Development and Evaluation of Nanoemulsifying Preconcentrate of Curcumin for Colon Delivery

The present study aimed to develop and optimize a nanoemulsifying preconcentrate formulation of curcumin with good emulsification ability and optimal globule size, for controlled targeting in colon. Content of formulation variables, namely, X (1) (Peceol), X (2) (Cremophor-EL), and X (3) (Transcutol HP), were optimized by Box-Behnken design of experiments for its impact on mean globule size (Y (1)), emulsification time (Y (2)), and time required for drug release (85%) in phosphate buffer (pH 7.2), t (85%) (Y (3)).
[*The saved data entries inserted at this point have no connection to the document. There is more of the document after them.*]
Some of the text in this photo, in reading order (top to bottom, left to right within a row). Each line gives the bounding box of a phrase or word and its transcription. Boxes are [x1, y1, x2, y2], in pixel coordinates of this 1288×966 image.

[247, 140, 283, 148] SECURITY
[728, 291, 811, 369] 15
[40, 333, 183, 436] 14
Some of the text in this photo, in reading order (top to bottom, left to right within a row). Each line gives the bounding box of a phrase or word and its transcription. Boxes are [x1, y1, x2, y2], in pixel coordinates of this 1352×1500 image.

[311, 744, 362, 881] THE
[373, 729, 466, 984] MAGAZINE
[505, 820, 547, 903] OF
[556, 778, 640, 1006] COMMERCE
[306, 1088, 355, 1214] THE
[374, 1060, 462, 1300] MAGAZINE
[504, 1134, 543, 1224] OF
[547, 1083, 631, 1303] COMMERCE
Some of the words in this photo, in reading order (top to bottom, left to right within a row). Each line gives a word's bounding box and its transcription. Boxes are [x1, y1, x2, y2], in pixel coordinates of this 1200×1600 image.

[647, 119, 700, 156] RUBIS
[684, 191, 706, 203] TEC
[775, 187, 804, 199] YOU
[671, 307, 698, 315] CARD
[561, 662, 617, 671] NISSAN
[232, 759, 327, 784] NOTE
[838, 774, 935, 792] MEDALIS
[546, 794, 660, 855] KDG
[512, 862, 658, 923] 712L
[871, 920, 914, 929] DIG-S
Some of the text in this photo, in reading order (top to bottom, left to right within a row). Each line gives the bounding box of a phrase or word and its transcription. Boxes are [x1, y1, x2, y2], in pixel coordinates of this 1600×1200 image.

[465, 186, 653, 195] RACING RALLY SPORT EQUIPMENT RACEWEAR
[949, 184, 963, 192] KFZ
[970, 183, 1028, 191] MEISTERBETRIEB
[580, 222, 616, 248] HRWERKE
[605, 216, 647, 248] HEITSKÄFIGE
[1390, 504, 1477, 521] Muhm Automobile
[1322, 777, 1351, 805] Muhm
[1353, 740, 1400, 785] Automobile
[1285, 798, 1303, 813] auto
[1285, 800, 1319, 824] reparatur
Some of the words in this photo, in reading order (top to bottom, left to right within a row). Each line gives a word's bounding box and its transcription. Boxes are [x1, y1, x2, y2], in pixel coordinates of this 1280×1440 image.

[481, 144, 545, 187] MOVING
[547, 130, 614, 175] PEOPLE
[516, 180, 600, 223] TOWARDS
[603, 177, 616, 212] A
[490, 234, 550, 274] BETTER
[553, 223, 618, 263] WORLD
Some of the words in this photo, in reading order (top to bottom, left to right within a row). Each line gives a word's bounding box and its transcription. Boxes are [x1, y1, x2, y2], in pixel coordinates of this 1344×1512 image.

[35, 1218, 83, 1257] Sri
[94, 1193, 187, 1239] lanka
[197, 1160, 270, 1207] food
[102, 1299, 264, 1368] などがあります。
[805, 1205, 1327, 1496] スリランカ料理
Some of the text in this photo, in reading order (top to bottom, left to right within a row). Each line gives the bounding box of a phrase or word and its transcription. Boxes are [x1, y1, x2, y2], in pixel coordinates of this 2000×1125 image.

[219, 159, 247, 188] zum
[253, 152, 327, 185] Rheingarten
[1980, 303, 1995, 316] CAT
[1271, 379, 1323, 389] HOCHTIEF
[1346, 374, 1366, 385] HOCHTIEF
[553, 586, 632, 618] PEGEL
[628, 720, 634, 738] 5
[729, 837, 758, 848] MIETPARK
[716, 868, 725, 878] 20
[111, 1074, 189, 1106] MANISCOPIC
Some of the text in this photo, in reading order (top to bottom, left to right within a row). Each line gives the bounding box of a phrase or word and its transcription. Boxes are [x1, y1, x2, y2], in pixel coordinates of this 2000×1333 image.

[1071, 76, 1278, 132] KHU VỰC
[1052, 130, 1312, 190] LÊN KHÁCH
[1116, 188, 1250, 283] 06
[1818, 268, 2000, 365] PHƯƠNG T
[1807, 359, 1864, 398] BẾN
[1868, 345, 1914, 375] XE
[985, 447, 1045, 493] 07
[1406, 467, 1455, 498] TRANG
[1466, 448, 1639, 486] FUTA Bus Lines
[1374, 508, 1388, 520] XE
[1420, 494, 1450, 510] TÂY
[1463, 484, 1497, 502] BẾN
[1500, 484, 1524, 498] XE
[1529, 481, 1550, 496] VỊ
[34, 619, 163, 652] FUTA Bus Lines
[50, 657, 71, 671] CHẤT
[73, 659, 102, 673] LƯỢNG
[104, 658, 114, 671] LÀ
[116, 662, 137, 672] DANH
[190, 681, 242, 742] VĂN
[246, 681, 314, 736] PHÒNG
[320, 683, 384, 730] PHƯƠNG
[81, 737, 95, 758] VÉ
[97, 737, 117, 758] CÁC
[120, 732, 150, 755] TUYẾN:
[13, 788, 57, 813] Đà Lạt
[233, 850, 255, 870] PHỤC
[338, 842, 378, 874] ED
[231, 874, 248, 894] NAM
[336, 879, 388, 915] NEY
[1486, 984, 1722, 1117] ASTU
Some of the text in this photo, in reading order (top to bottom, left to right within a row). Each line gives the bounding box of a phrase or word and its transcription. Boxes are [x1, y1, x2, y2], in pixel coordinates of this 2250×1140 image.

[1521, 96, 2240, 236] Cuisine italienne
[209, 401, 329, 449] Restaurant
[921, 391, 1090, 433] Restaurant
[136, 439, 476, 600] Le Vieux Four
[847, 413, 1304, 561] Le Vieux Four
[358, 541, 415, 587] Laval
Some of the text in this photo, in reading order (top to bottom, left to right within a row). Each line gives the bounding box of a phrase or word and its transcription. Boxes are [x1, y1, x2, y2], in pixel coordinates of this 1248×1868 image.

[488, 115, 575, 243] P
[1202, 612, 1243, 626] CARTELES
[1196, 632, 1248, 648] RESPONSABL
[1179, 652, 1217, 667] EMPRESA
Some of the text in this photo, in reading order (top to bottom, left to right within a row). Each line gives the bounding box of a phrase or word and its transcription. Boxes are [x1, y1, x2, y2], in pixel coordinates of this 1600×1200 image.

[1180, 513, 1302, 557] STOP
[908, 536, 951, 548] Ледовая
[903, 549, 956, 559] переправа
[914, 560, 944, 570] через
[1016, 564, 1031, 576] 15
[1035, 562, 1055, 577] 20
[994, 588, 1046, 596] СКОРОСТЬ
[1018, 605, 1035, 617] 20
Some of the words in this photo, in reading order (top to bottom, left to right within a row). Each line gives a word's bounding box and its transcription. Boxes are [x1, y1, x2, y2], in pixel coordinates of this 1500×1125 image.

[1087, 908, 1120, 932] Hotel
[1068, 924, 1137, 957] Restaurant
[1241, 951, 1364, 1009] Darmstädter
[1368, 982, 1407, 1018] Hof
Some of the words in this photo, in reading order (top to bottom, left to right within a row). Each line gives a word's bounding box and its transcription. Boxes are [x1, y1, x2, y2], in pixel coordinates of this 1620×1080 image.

Transmission electron micrographs confirmed that there is no coalescence among globules, with size range concordant with the globule size analysis by dynamic light scattering technique (100 nm). 3D plots indicated that concentration of formulation ingredients significantly influences the formulation properties (globule size, emulsification time, and drug release). In vitro release profile (in phosphate buffer; pH 7.2) represents the fact that more than 50% of the drug was released within initial 15 min whereas in vivo release showed limited systemic absorption (C (max) 200 ng/mL) of curcumin. Stability study ensures the protection of drug in alkaline media which may further confirm the localised delivery of drug to colonic region. Study demonstrated that the nanoemulsifying preconcentrate can be a promising system for the colon specific delivery of curcumin to treat local pathologies.